At face value, avocados don’t appear to be all that healthy. An average sized one (about the size of a pear) has 30 grams of fat, about as much as a Big Mac. However, most of this fat is of the monounsaturated variety, which modern research has shown to be effective in lowering cholesterol levels. Furthermore, the a diet high in omega-3 fatty acids, which are the primary fat source in avocados, has been found to have anti-cancer, anti-inflammatory, blood-pressure regulating and heart health benefits. In addition to the health benefits, avocados are extremely tasty. Guacamole, is an excellent companion for most grilled or sauteed meats. Mashed avocados provide a buttery richness when mixed into scrambled eggs. Chunky avocado, mixed with some diced onions and spices, pairs wonderfully with seared tuna or other fish. At around $1 each, adding avocados to your shopping list is a sound investment for your future health.

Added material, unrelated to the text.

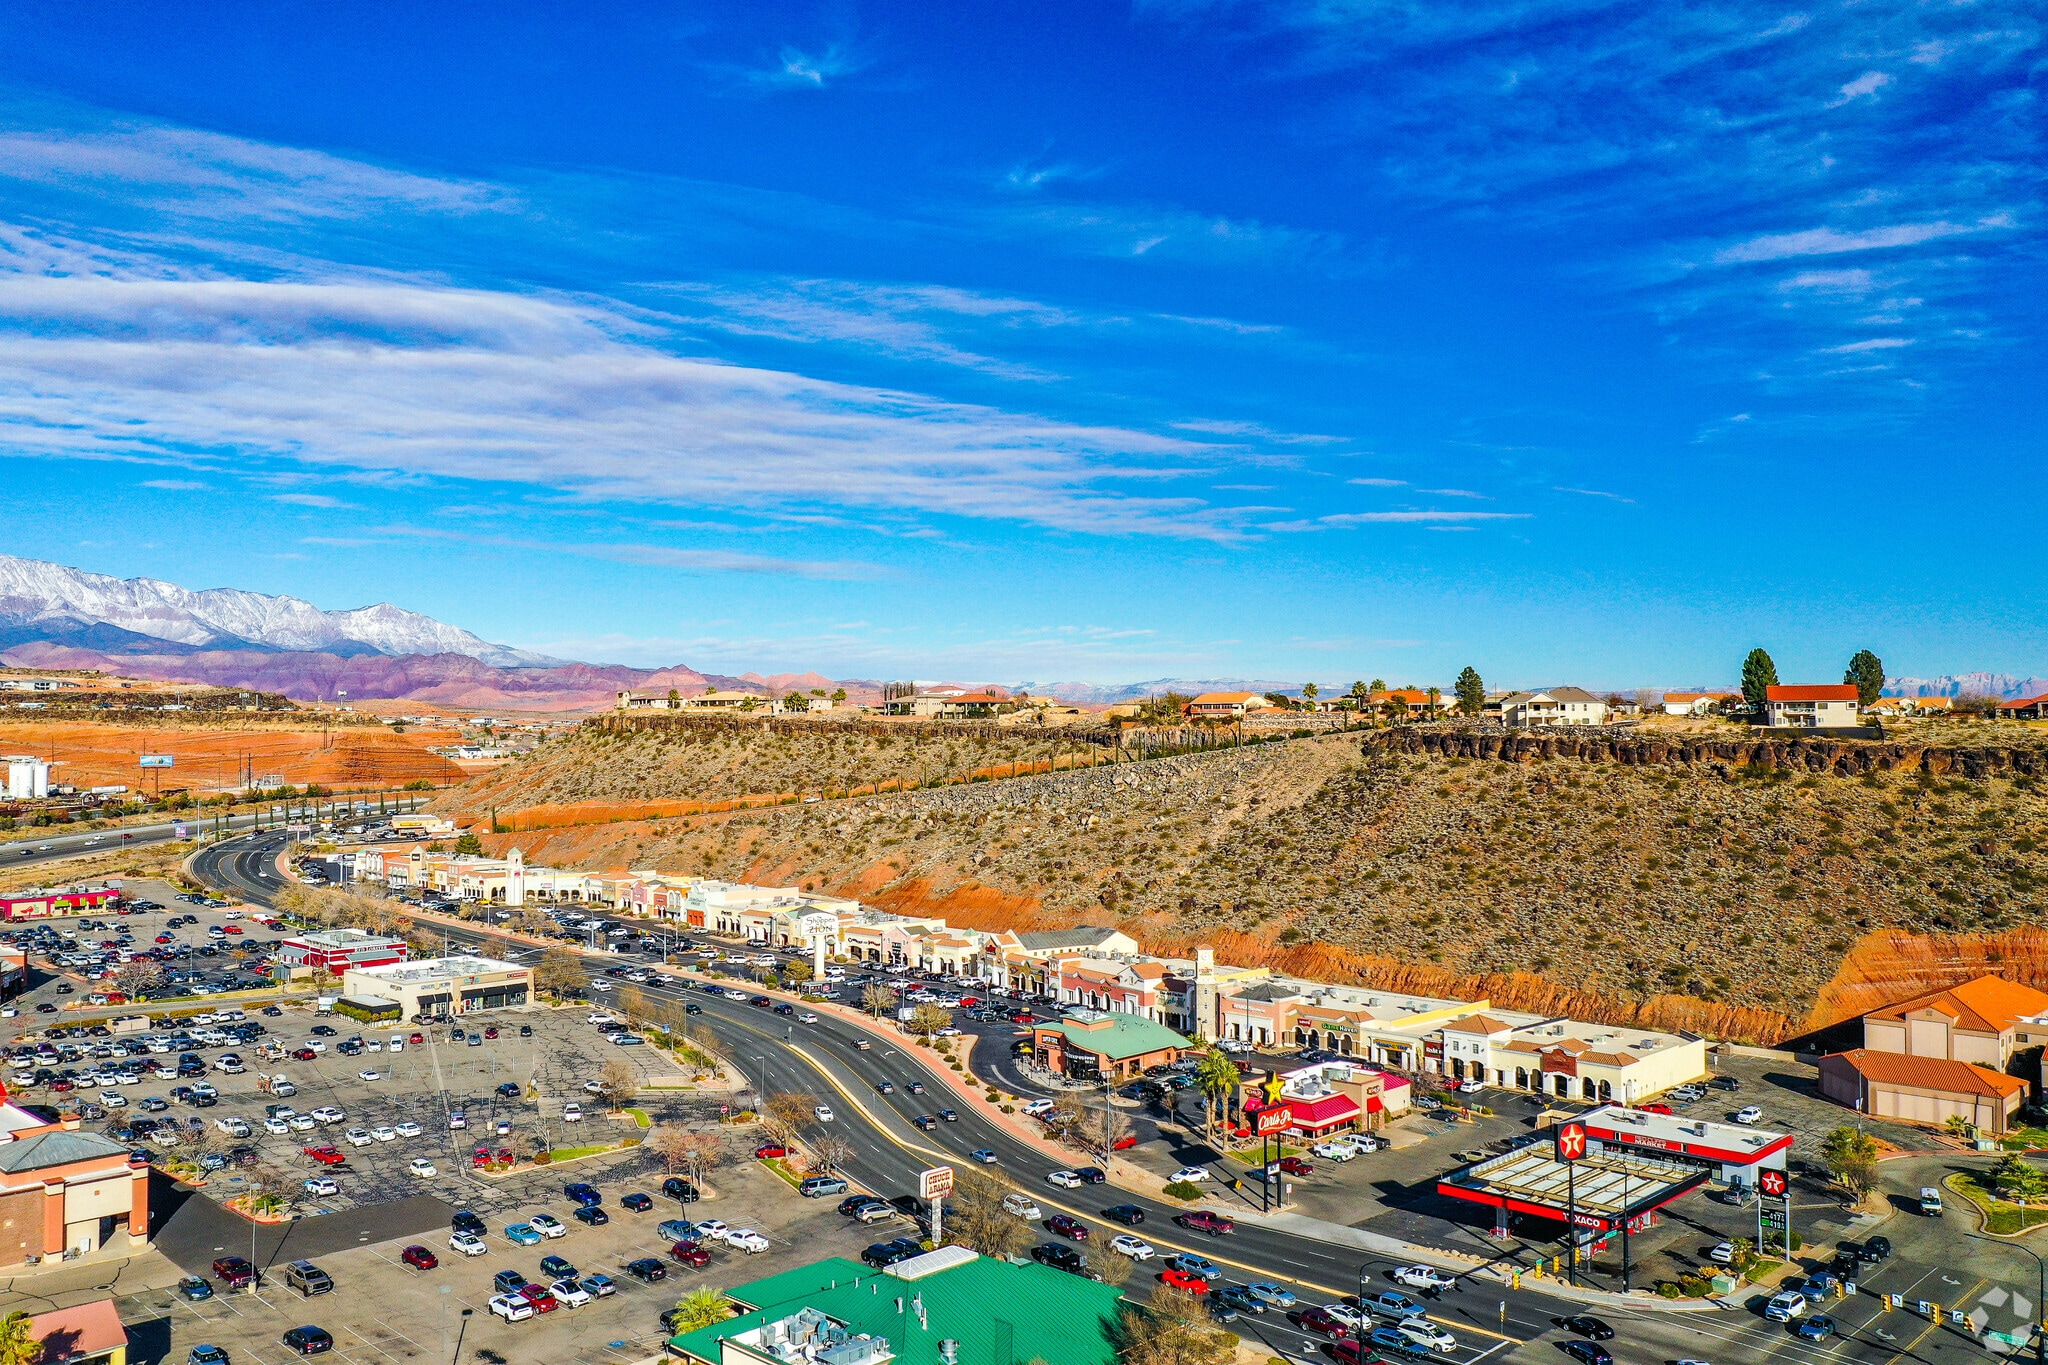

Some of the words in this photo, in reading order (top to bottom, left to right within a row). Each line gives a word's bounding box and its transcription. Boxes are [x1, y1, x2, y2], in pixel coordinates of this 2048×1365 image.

Spinach is an all-around super food. High levels of vitamin A and C, in conjunction with fiber, folic acid and magnesium, have been found to have cancer-fighting properties. Folate, another nutrient, combats blood-levels of homocysteine, a protein that damages arteries. Flavonoids can combat memory loss. Lutein is a preventative for cataracts, and can combat mascular degeneration. Best of all, spinach is extremely easy to prepare. It can be eaten raw as the base for a salad, steamed, or sautéed in a bit of oil with some garlic for a tasty side. Frozen spinach is nearly as nutritious as fresh, so consider adding either to your shopping rotation.

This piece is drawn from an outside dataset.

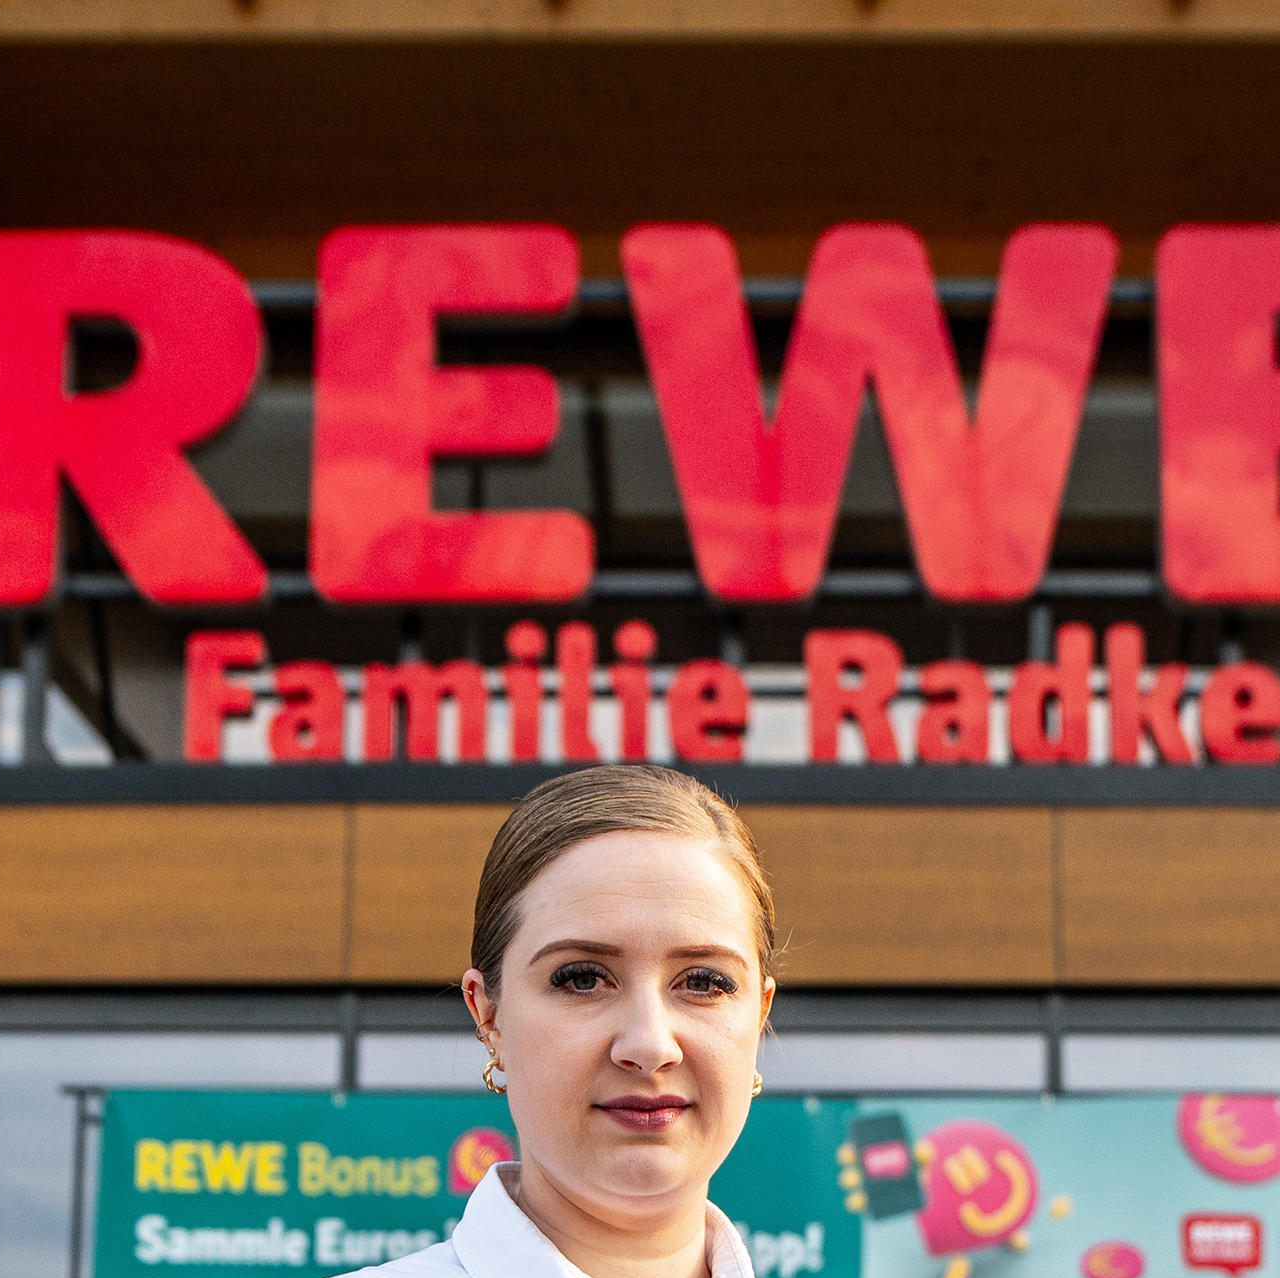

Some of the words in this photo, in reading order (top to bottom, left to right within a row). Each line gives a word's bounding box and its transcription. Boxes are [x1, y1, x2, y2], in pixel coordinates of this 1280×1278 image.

[182, 620, 754, 763] Familie
[135, 1139, 287, 1194] REWE
[298, 1142, 439, 1195] Bonus
[134, 1213, 311, 1265] Sammle

Salmon has one of the highest protein to calorie ratios of any food out there, furthermore, the high proportion of omega-3s can fight bodily inflammation (for other benefits of omega-3s , see avocados above). Furthermore, a single serving of salmon (4 oz) has an entire day’s worth of vitamin D, and half a day’s worth of B12, niacin and selenium, as well a large proportion of B6 and magnesium. Paleo shoppers should try to consume as much fish in their diet as possible. While it may be more expensive than other sources of protein, the health benefits are vast, and when properly prepared it is extremely delicious.

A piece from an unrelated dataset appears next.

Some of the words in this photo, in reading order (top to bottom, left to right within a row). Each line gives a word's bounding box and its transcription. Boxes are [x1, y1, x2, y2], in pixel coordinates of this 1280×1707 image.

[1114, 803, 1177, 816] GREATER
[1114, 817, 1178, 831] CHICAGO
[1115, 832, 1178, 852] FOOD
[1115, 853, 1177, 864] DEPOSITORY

Widely hailed as one of the cheapest and most versatile sources of protein available (as well as one of the highest quality), eggs contain relatively high levels of choline, an essential building block of cell membranes (it strengthens their elasticity among other things) and component of acetylcholine, a neurotransmitter used by neurons to relay messages back and forth. Furthermore, it has been shown that choline has anti-inflammatory qualities, and a diet rich in choline can lead to an increase in heart h and organ health. Furthermore, a diet rich in eggs will ultimately be a diet rich in omega-3s, leading to all of the dietary benefits listed above plus a decrease in depression and aggressive tendencies. Consider replacing carb heavy breakfasts such as pancakes or cereal (or oatmeal) with bacon, eggs and a vegetable or piece of fruit. I’m willing to bet this paleo breakfast as satisfying as its non-paleo counterparts, and you will have a certain peace of mind knowing that what you are eating is a whole lot better for you.
A leafy green vegetable like spinach, kale is loaded with flavonoids and antioxidants. Steamed (though kale can be blanched or eaten raw if you are especially bold or like bitter greens) Kale has been found to have cholesterol-lowering benefits, as well as cancer fighting properties and detoxification benefits. Clocking in at over 45 different flavonoids, kale is one of the most healthful vegetables you should be eating on a regular basis. Try it steamed (five minutes should do, just make sure to remove the thicker parts of the stem before steaming) and tossed with a bit of salt, fresh garlic and oil. Your body and your shopping list will thank you.